The authors note that this approach may be just the right treatment for youths who report feeling more stress than all other age groups. The 2014 annual survey of the American Psychological Association found that teens reported experiencing a greater amount of stress than did any other age group and that their most significant sources of stress included financial insecurity and conflict at home and with peers.

Experiencing high levels of stress has surprisingly significant long-term implications, including everything from physical and psychological health problems, to poor academic performance and an inclination toward harmful lifestyle choices.

For over 30 years, the BHI has been working to prevent these short- and long-term consequences through its Resilient Youth (formerly known as the Education Initiative) program (https://www.bensonhenryinstitute.org/resilient-kids-program-starts-may-27). Program directors Rana Chudnofsky, MEd, and Laura Malloy, LICSW, train educators in a curriculum that teaches the science of stress and relaxation, as well as how to help students use relaxation strategies such as breathing and imagery along with positive psychology techniques such as reframing one’s thoughts.

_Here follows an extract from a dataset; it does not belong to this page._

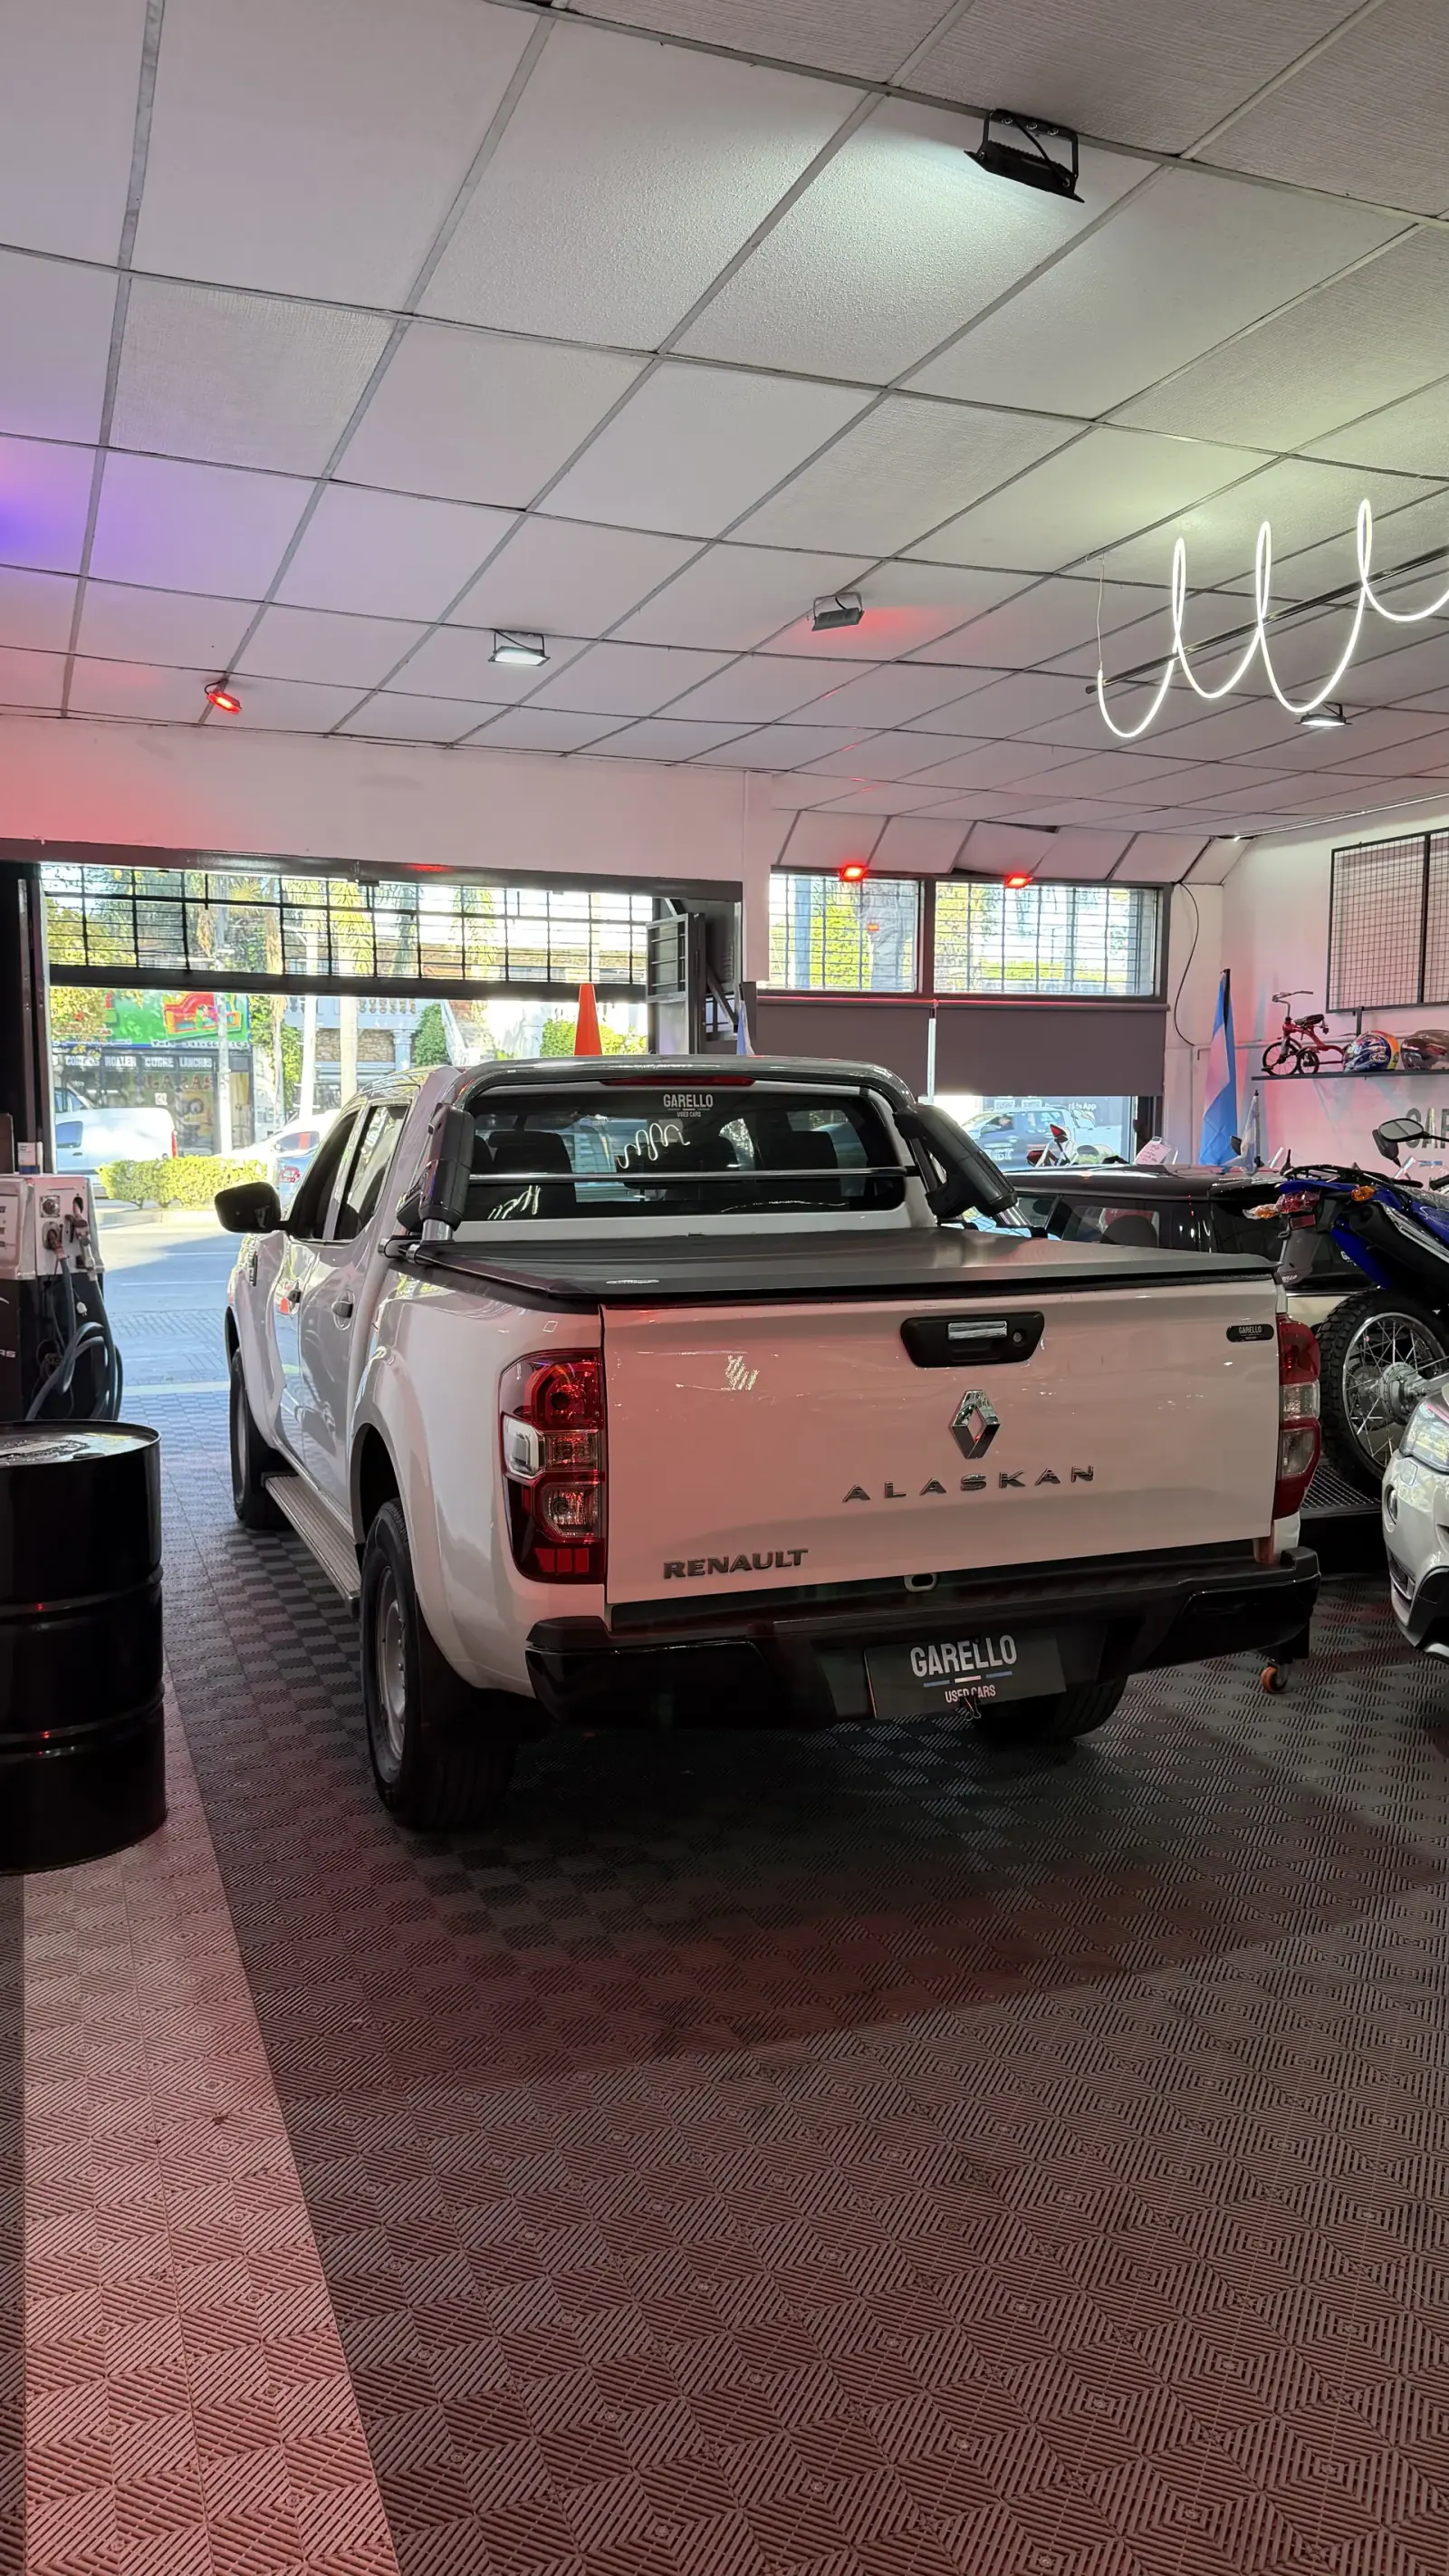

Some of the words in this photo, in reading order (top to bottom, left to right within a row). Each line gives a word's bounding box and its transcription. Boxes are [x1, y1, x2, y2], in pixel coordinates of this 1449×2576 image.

In this latest study, 12 teachers at a Boston public charter school received six hours of training in the resiliency curriculum, which they then implemented with students over the course of six to eight weeks, depending on class schedules. Students who received the curriculum, ranging in age from 13 to 19, reported significant reductions in perceived stress and anxiety and a greater ability to manage stress and practice healthy lifestyle behaviors after participating in the program. This was true immediately after they had completed the program as well as a year later, indicating that the program is effective in both the short and long term.

Researchers hope to build on this evidence with future larger studies. The Resilient Youth directors are particularly interested in understanding which aspects of the resiliency curriculum are most effective, for what stressors it is most helpful and how long students will continue to use the skills they learn. ‘It’s important for us to continue to expand our research not only to help us continually refine and improve the program but also to demonstrate to educational and political leadership that this work is worth investing in on a broad scale for the benefit of our children,’ says Marilyn Wilcher, a co-author of the Advances paper and BHI senior program director.